Think that perhaps I need to change the title of this diary now as we are due to start IVF in 2 weeks. I actually feel sick thinking about it. I'm not really worried about the whole procedure as such (well ok then, I am a little) more worrying about how I will handle another negative result. If I could handle it at all....I'm not quite sure!

It seems like years have past since we had our last negative after our third round of IUI....when it has only been 6 months....which I suppose to people like us that is a lifetime. I just want to get on with it now and find my happy ending as I feel it is slipping away. The amount of people who say 'you are only young, enjoy yourselves,' or 'time is on your side' it winds me up, I want a baby with my husband now...not in another 10 years!! I don't think some people quite understand just how tough and mentally challenging this journey is and can be.

I seem to be inundated with pregnant people on my social media...I've had to stop receiving notifications and stuff from them as its beginning to drive me insane. I am happy for them dont get me wrong....I just want my turn. Surely that isn't so much to ask.

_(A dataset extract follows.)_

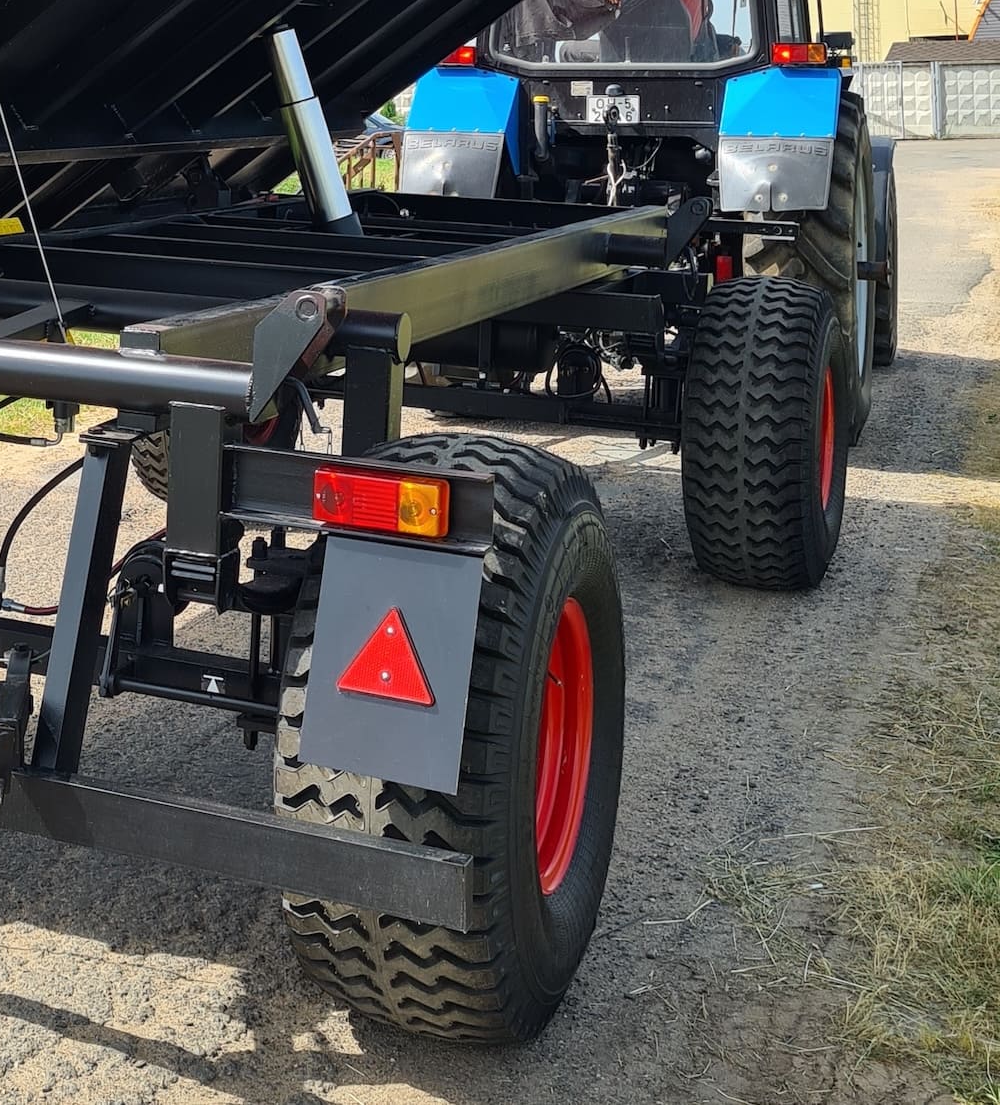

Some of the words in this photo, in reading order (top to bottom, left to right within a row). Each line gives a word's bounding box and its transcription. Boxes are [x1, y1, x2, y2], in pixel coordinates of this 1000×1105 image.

[594, 110, 633, 122] 26
[406, 138, 499, 151] BELARUS
[725, 141, 829, 156] BELARUS

As for starting IVF I am so ready.....on a health kick again before we get started. I'm about healed from my gallbladder op that went ridiculously wrong! I'm so hopeful that it will work first time. I pray for it daily. I can't see why God would punish us by making us wait any longer. I know they say what is meant to be will be but I feel that we are meant to be parents.

I started looking online today at fun ways to tell your family you are pregnant, I really need to stop! I don't know how we can get out of people not knowing after 2 weeks......we are thinking of lying and saying we are on some long drawn out IVF procedure (they'd all not know as they don't know much about it!) to bide us an extra couple of weeks! Arghhh I'm more stressed about them knowing early on than anything else!!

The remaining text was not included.